Retype all of the records shown beneath this task, exactly as they stand.

─── Data shown

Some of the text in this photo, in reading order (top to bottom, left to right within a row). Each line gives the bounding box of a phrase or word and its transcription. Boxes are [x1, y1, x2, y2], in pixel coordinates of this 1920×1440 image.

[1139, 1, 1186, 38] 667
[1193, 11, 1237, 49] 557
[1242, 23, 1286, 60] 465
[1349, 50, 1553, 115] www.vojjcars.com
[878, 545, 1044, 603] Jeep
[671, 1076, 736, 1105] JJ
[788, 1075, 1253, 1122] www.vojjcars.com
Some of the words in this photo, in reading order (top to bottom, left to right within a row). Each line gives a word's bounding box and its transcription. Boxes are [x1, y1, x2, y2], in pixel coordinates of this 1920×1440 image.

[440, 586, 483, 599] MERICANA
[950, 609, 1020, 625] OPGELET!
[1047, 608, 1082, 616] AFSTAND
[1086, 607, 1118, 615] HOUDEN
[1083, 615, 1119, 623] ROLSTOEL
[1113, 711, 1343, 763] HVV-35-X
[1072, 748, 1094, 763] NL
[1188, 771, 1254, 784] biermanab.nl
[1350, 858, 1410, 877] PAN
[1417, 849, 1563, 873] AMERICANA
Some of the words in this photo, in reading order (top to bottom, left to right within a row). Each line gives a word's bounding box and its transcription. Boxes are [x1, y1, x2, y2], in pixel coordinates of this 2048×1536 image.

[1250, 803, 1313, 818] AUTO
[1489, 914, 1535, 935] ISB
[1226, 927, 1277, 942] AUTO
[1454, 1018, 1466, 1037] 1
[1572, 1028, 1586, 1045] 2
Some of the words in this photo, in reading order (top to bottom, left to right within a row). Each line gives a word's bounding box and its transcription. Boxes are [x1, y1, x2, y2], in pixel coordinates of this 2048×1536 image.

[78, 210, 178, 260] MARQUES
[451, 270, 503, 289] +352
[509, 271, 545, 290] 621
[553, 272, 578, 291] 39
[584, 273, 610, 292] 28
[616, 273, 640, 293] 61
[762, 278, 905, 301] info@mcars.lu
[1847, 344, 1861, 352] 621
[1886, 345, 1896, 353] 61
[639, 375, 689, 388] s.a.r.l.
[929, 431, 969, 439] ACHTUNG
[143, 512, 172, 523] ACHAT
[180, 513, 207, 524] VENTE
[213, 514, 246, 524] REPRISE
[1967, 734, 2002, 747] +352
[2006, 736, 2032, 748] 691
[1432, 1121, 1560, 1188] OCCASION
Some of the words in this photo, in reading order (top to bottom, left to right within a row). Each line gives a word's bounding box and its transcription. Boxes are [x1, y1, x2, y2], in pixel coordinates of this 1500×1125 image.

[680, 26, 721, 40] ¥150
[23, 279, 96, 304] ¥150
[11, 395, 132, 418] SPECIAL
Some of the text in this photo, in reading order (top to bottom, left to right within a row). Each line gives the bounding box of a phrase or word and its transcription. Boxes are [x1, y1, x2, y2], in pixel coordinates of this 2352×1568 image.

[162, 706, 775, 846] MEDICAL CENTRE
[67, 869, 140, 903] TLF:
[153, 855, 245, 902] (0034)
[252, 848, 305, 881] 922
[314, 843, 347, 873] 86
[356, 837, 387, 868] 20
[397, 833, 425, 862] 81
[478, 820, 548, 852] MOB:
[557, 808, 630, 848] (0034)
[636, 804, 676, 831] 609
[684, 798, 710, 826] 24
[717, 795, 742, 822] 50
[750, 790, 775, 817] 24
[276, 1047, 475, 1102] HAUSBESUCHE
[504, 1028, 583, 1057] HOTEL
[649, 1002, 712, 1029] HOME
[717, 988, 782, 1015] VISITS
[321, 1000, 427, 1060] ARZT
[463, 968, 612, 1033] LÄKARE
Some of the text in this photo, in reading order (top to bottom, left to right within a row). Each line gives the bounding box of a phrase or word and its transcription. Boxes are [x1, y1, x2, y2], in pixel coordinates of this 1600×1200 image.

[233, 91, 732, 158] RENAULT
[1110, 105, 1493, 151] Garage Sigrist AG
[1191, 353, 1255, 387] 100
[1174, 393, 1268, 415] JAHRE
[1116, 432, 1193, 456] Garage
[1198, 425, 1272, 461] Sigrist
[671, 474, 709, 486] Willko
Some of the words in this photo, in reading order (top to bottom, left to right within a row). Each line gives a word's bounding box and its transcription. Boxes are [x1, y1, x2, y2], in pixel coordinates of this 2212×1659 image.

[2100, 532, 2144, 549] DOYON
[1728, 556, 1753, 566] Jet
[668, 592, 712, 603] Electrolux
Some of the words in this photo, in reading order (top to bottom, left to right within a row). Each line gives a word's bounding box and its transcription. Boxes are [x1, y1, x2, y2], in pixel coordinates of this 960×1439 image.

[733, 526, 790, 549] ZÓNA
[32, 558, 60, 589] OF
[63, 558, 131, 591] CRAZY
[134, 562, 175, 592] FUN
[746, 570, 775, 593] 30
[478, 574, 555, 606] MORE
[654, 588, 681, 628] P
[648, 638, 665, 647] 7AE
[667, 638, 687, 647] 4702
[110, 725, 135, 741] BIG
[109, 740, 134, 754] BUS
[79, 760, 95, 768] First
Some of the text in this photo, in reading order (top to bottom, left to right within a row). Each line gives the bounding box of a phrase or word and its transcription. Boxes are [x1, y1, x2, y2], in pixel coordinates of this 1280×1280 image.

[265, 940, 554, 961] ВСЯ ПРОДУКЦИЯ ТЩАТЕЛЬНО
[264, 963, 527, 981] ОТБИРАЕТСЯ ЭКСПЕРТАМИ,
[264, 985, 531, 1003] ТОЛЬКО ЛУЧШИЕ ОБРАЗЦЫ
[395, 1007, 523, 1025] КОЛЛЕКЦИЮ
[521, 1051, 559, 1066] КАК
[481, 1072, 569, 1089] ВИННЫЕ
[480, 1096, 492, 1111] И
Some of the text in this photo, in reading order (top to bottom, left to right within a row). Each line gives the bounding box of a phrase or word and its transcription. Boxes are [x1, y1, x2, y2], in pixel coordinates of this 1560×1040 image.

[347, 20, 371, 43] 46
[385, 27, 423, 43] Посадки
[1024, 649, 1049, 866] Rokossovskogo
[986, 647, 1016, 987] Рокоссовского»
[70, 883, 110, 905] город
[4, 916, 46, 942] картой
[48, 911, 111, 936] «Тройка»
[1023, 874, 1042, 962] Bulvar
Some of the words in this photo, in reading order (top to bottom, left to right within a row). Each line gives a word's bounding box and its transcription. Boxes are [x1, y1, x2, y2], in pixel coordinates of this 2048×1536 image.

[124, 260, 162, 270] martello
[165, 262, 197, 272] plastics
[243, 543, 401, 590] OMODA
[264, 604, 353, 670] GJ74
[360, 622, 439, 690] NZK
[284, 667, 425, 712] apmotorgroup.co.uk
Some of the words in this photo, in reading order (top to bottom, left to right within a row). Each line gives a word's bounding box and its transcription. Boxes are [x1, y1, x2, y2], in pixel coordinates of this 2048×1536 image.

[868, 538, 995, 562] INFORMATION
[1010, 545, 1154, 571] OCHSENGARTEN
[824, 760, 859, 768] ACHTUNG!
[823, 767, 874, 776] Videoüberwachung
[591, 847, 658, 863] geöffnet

──────

> **Written answer**:
Some of the text in this photo, in reading order (top to bottom, left to right within a row). Each line gives the bounding box of a phrase or word and its transcription. Boxes are [x1, y1, x2, y2], in pixel coordinates of this 1920×1440 image.

[1139, 1, 1186, 38] 667
[1193, 11, 1237, 49] 557
[1242, 23, 1286, 60] 465
[1349, 50, 1553, 115] www.vojjcars.com
[878, 545, 1044, 603] Jeep
[671, 1076, 736, 1105] JJ
[788, 1075, 1253, 1122] www.vojjcars.com
Some of the words in this photo, in reading order (top to bottom, left to right within a row). Each line gives a word's bounding box and its transcription. Boxes are [x1, y1, x2, y2], in pixel coordinates of this 1920×1440 image.

[440, 586, 483, 599] MERICANA
[950, 609, 1020, 625] OPGELET!
[1047, 608, 1082, 616] AFSTAND
[1086, 607, 1118, 615] HOUDEN
[1083, 615, 1119, 623] ROLSTOEL
[1113, 711, 1343, 763] HVV-35-X
[1072, 748, 1094, 763] NL
[1188, 771, 1254, 784] biermanab.nl
[1350, 858, 1410, 877] PAN
[1417, 849, 1563, 873] AMERICANA
Some of the words in this photo, in reading order (top to bottom, left to right within a row). Each line gives a word's bounding box and its transcription. Boxes are [x1, y1, x2, y2], in pixel coordinates of this 2048×1536 image.

[1250, 803, 1313, 818] AUTO
[1489, 914, 1535, 935] ISB
[1226, 927, 1277, 942] AUTO
[1454, 1018, 1466, 1037] 1
[1572, 1028, 1586, 1045] 2
Some of the words in this photo, in reading order (top to bottom, left to right within a row). Each line gives a word's bounding box and its transcription. Boxes are [x1, y1, x2, y2], in pixel coordinates of this 2048×1536 image.

[78, 210, 178, 260] MARQUES
[451, 270, 503, 289] +352
[509, 271, 545, 290] 621
[553, 272, 578, 291] 39
[584, 273, 610, 292] 28
[616, 273, 640, 293] 61
[762, 278, 905, 301] info@mcars.lu
[1847, 344, 1861, 352] 621
[1886, 345, 1896, 353] 61
[639, 375, 689, 388] s.a.r.l.
[929, 431, 969, 439] ACHTUNG
[143, 512, 172, 523] ACHAT
[180, 513, 207, 524] VENTE
[213, 514, 246, 524] REPRISE
[1967, 734, 2002, 747] +352
[2006, 736, 2032, 748] 691
[1432, 1121, 1560, 1188] OCCASION
Some of the words in this photo, in reading order (top to bottom, left to right within a row). Each line gives a word's bounding box and its transcription. Boxes are [x1, y1, x2, y2], in pixel coordinates of this 1500×1125 image.

[680, 26, 721, 40] ¥150
[23, 279, 96, 304] ¥150
[11, 395, 132, 418] SPECIAL
Some of the text in this photo, in reading order (top to bottom, left to right within a row). Each line gives the bounding box of a phrase or word and its transcription. Boxes are [x1, y1, x2, y2], in pixel coordinates of this 2352×1568 image.

[162, 706, 775, 846] MEDICAL CENTRE
[67, 869, 140, 903] TLF:
[153, 855, 245, 902] (0034)
[252, 848, 305, 881] 922
[314, 843, 347, 873] 86
[356, 837, 387, 868] 20
[397, 833, 425, 862] 81
[478, 820, 548, 852] MOB:
[557, 808, 630, 848] (0034)
[636, 804, 676, 831] 609
[684, 798, 710, 826] 24
[717, 795, 742, 822] 50
[750, 790, 775, 817] 24
[276, 1047, 475, 1102] HAUSBESUCHE
[504, 1028, 583, 1057] HOTEL
[649, 1002, 712, 1029] HOME
[717, 988, 782, 1015] VISITS
[321, 1000, 427, 1060] ARZT
[463, 968, 612, 1033] LÄKARE
Some of the text in this photo, in reading order (top to bottom, left to right within a row). Each line gives the bounding box of a phrase or word and its transcription. Boxes are [x1, y1, x2, y2], in pixel coordinates of this 1600×1200 image.

[233, 91, 732, 158] RENAULT
[1110, 105, 1493, 151] Garage Sigrist AG
[1191, 353, 1255, 387] 100
[1174, 393, 1268, 415] JAHRE
[1116, 432, 1193, 456] Garage
[1198, 425, 1272, 461] Sigrist
[671, 474, 709, 486] Willko
Some of the words in this photo, in reading order (top to bottom, left to right within a row). Each line gives a word's bounding box and its transcription. Boxes are [x1, y1, x2, y2], in pixel coordinates of this 2212×1659 image.

[2100, 532, 2144, 549] DOYON
[1728, 556, 1753, 566] Jet
[668, 592, 712, 603] Electrolux
Some of the words in this photo, in reading order (top to bottom, left to right within a row). Each line gives a word's bounding box and its transcription. Boxes are [x1, y1, x2, y2], in pixel coordinates of this 960×1439 image.

[733, 526, 790, 549] ZÓNA
[32, 558, 60, 589] OF
[63, 558, 131, 591] CRAZY
[134, 562, 175, 592] FUN
[746, 570, 775, 593] 30
[478, 574, 555, 606] MORE
[654, 588, 681, 628] P
[648, 638, 665, 647] 7AE
[667, 638, 687, 647] 4702
[110, 725, 135, 741] BIG
[109, 740, 134, 754] BUS
[79, 760, 95, 768] First
Some of the text in this photo, in reading order (top to bottom, left to right within a row). Each line gives the bounding box of a phrase or word and its transcription. Boxes are [x1, y1, x2, y2], in pixel coordinates of this 1280×1280 image.

[265, 940, 554, 961] ВСЯ ПРОДУКЦИЯ ТЩАТЕЛЬНО
[264, 963, 527, 981] ОТБИРАЕТСЯ ЭКСПЕРТАМИ,
[264, 985, 531, 1003] ТОЛЬКО ЛУЧШИЕ ОБРАЗЦЫ
[395, 1007, 523, 1025] КОЛЛЕКЦИЮ
[521, 1051, 559, 1066] КАК
[481, 1072, 569, 1089] ВИННЫЕ
[480, 1096, 492, 1111] И
Some of the text in this photo, in reading order (top to bottom, left to right within a row). Each line gives the bounding box of a phrase or word and its transcription. Boxes are [x1, y1, x2, y2], in pixel coordinates of this 1560×1040 image.

[347, 20, 371, 43] 46
[385, 27, 423, 43] Посадки
[1024, 649, 1049, 866] Rokossovskogo
[986, 647, 1016, 987] Рокоссовского»
[70, 883, 110, 905] город
[4, 916, 46, 942] картой
[48, 911, 111, 936] «Тройка»
[1023, 874, 1042, 962] Bulvar
Some of the words in this photo, in reading order (top to bottom, left to right within a row). Each line gives a word's bounding box and its transcription. Boxes are [x1, y1, x2, y2], in pixel coordinates of this 2048×1536 image.

[124, 260, 162, 270] martello
[165, 262, 197, 272] plastics
[243, 543, 401, 590] OMODA
[264, 604, 353, 670] GJ74
[360, 622, 439, 690] NZK
[284, 667, 425, 712] apmotorgroup.co.uk
Some of the words in this photo, in reading order (top to bottom, left to right within a row). Each line gives a word's bounding box and its transcription. Boxes are [x1, y1, x2, y2], in pixel coordinates of this 2048×1536 image.

[868, 538, 995, 562] INFORMATION
[1010, 545, 1154, 571] OCHSENGARTEN
[824, 760, 859, 768] ACHTUNG!
[823, 767, 874, 776] Videoüberwachung
[591, 847, 658, 863] geöffnet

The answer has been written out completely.